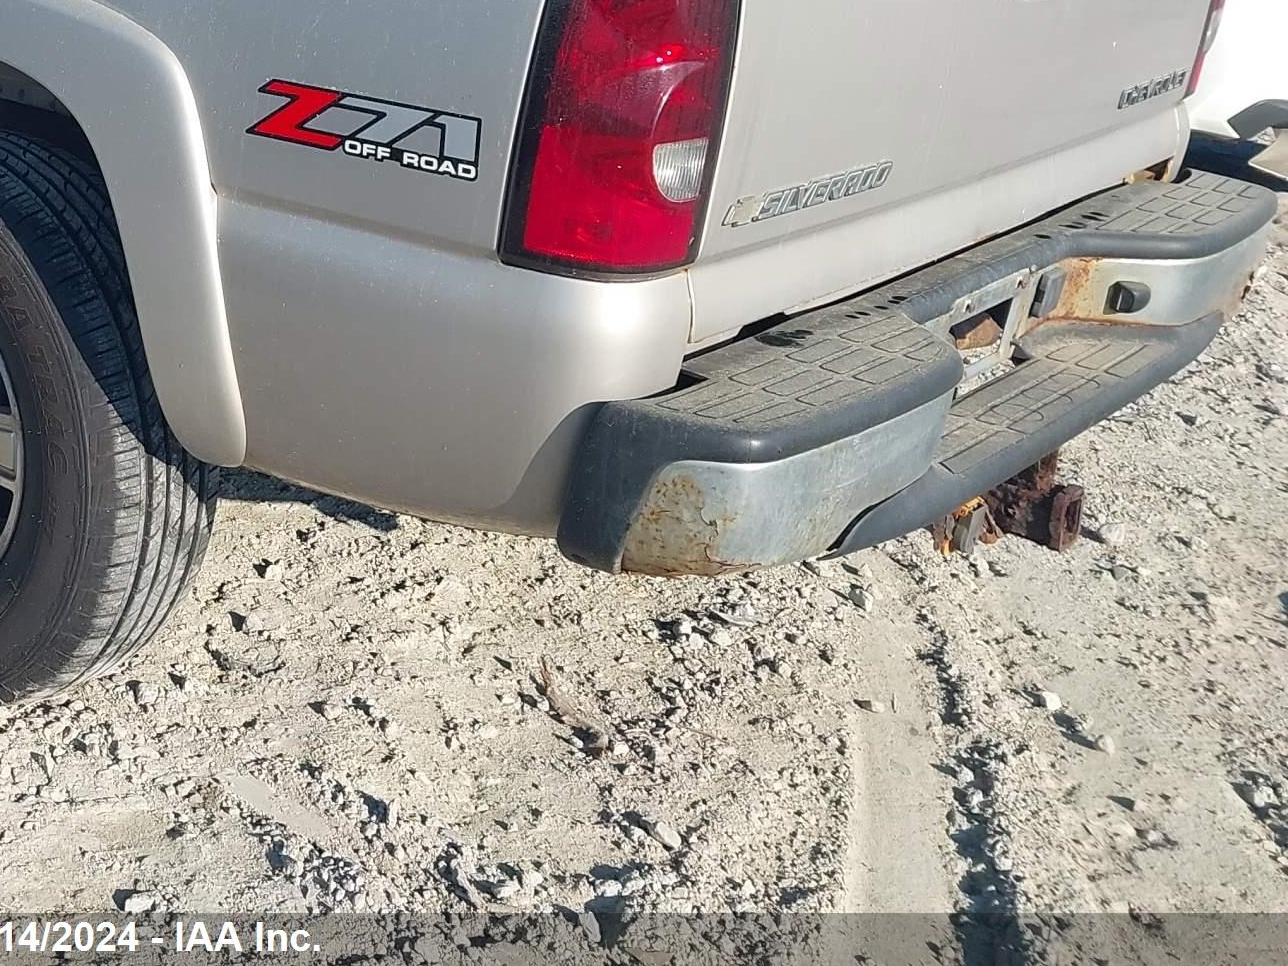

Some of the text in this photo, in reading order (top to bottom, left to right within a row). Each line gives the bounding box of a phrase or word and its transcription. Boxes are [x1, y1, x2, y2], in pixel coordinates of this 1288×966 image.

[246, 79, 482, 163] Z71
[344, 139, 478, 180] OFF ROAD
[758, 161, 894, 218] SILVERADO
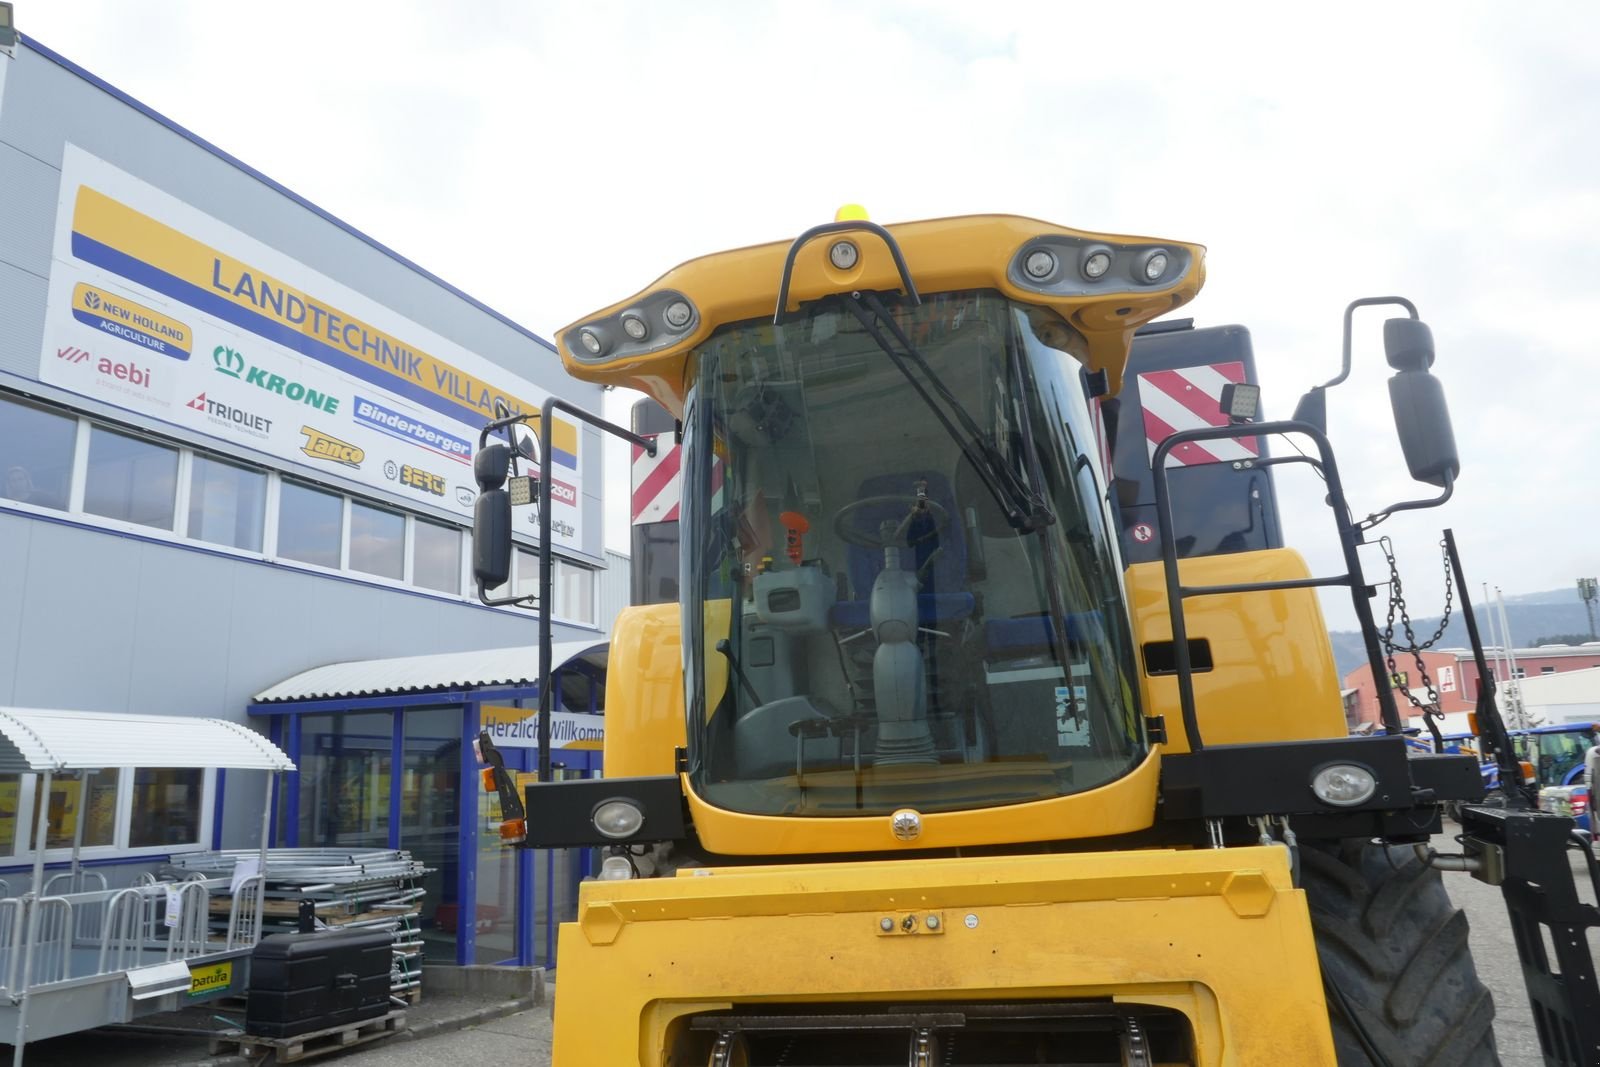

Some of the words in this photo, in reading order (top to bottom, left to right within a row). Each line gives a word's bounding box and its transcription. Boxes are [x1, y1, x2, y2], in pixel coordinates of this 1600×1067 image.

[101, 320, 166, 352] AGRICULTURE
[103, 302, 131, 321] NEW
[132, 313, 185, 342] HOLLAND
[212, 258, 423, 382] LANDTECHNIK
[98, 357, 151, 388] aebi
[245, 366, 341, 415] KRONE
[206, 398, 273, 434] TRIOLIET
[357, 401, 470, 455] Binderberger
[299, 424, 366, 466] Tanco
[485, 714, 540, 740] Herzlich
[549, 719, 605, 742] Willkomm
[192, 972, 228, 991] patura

■ What is being asked: Set every entry down again exactly as written, and omit the images.

■ Finished task:
Some of the text in this photo, in reading order (top to bottom, left to right within a row). Each line gives the bounding box of a phrase or word and its transcription. Boxes are [x1, y1, x2, y2], in pixel coordinates of this 1288×966 image.

[246, 79, 482, 163] Z71
[344, 139, 478, 180] OFF ROAD
[758, 161, 894, 218] SILVERADO

Some of the words in this photo, in reading order (top to bottom, left to right within a row). Each line gives a word's bounding box and its transcription. Boxes are [x1, y1, x2, y2], in pixel coordinates of this 1600×1067 image.

[101, 320, 166, 352] AGRICULTURE
[103, 302, 131, 321] NEW
[132, 313, 185, 342] HOLLAND
[212, 258, 423, 382] LANDTECHNIK
[98, 357, 151, 388] aebi
[245, 366, 341, 415] KRONE
[206, 398, 273, 434] TRIOLIET
[357, 401, 470, 455] Binderberger
[299, 424, 366, 466] Tanco
[485, 714, 540, 740] Herzlich
[549, 719, 605, 742] Willkomm
[192, 972, 228, 991] patura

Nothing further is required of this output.